Work request: Your copy should match the listing below word for word, with no images in it.
+-------+
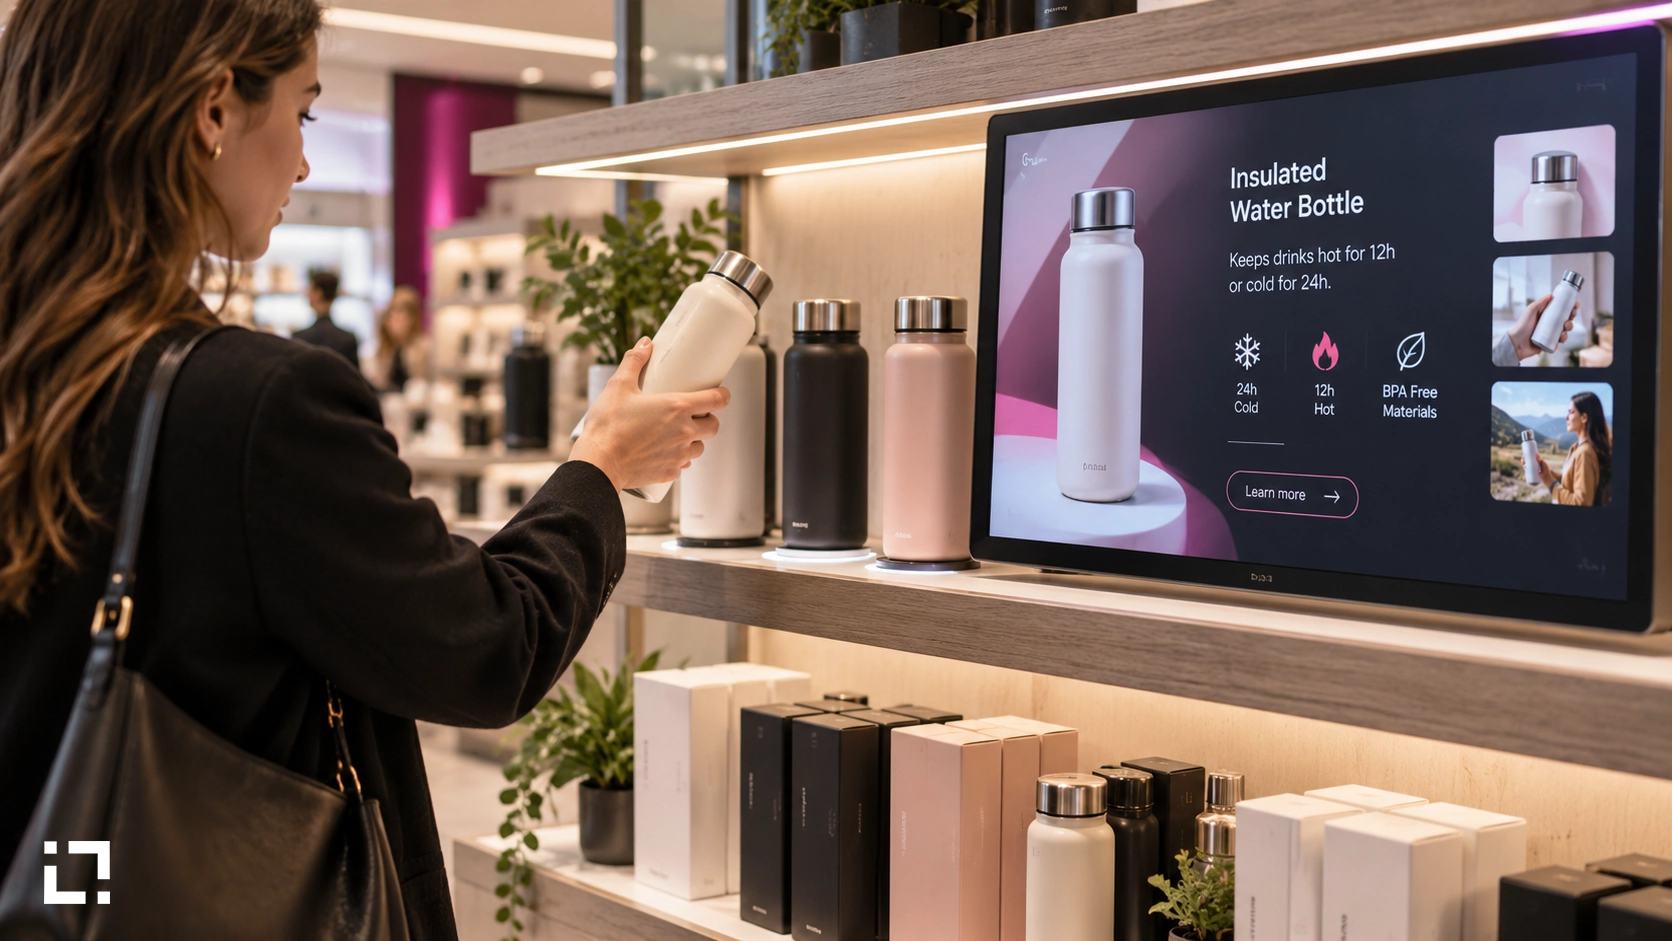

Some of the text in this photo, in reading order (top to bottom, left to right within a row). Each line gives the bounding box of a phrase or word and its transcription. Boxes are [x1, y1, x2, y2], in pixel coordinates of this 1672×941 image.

[1230, 156, 1327, 190] Insulated
[1229, 189, 1365, 223] Water Bottle
[1229, 242, 1396, 271] Keeps drinks hot for 12h
[1228, 273, 1332, 293] or cold for 24h.
[1236, 382, 1258, 396] 24h
[1314, 383, 1335, 397] 12h
[1382, 384, 1438, 399] BPA Free
[1234, 400, 1259, 414] Cold
[1314, 402, 1335, 416] Hot
[1382, 403, 1438, 419] Materials
[1245, 485, 1306, 501] Learn more
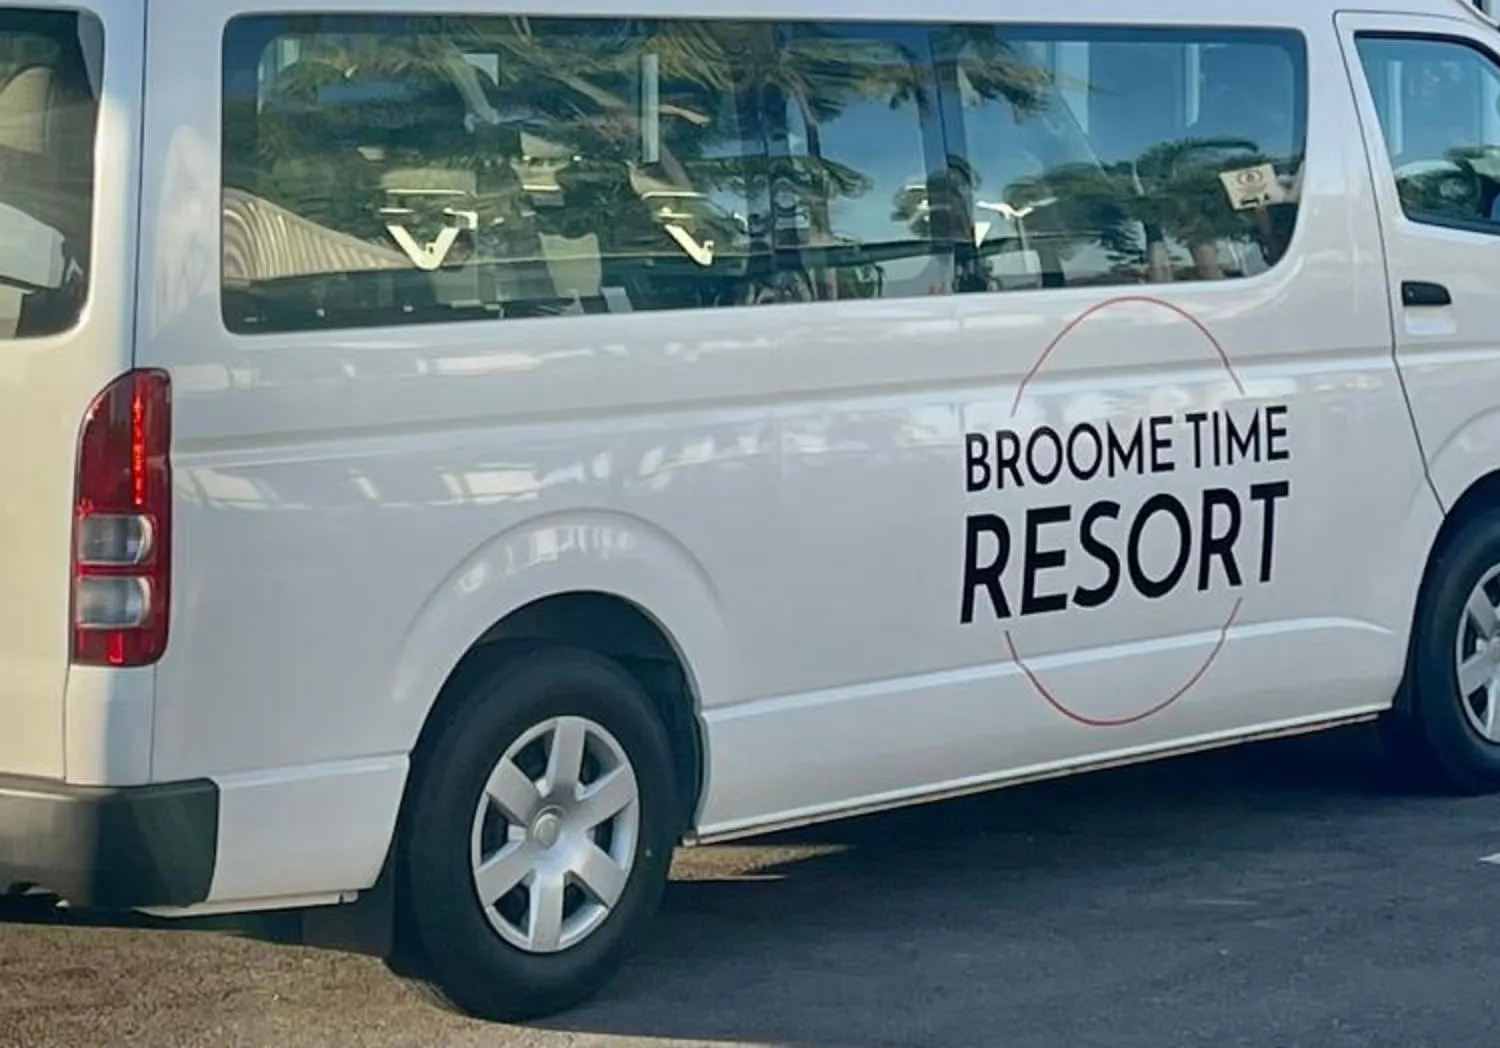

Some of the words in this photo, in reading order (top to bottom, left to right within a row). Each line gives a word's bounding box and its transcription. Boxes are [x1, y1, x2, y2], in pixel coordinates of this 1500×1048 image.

[964, 415, 1175, 492] BROOME
[1186, 405, 1291, 468] TIME
[959, 480, 1291, 624] RESORT
+-------+
Reply to the task:
Some of the text in this photo, in reading order (top to bottom, left to right within a row). Each line gives the bounding box of a phrase or word and its transcription. Boxes are [x1, y1, x2, y2], in pixel coordinates of this 1672×941 image.

[1230, 156, 1327, 190] Insulated
[1229, 189, 1365, 223] Water Bottle
[1229, 242, 1396, 271] Keeps drinks hot for 12h
[1228, 273, 1332, 293] or cold for 24h.
[1236, 382, 1258, 396] 24h
[1314, 383, 1335, 397] 12h
[1382, 384, 1438, 399] BPA Free
[1234, 400, 1259, 414] Cold
[1314, 402, 1335, 416] Hot
[1382, 403, 1438, 419] Materials
[1245, 485, 1306, 501] Learn more

Some of the words in this photo, in reading order (top to bottom, left to right within a row). Each line gives a word's bounding box and its transcription. Boxes are [x1, y1, x2, y2], in pixel coordinates of this 1500×1048 image.

[964, 415, 1175, 492] BROOME
[1186, 405, 1291, 468] TIME
[959, 480, 1291, 624] RESORT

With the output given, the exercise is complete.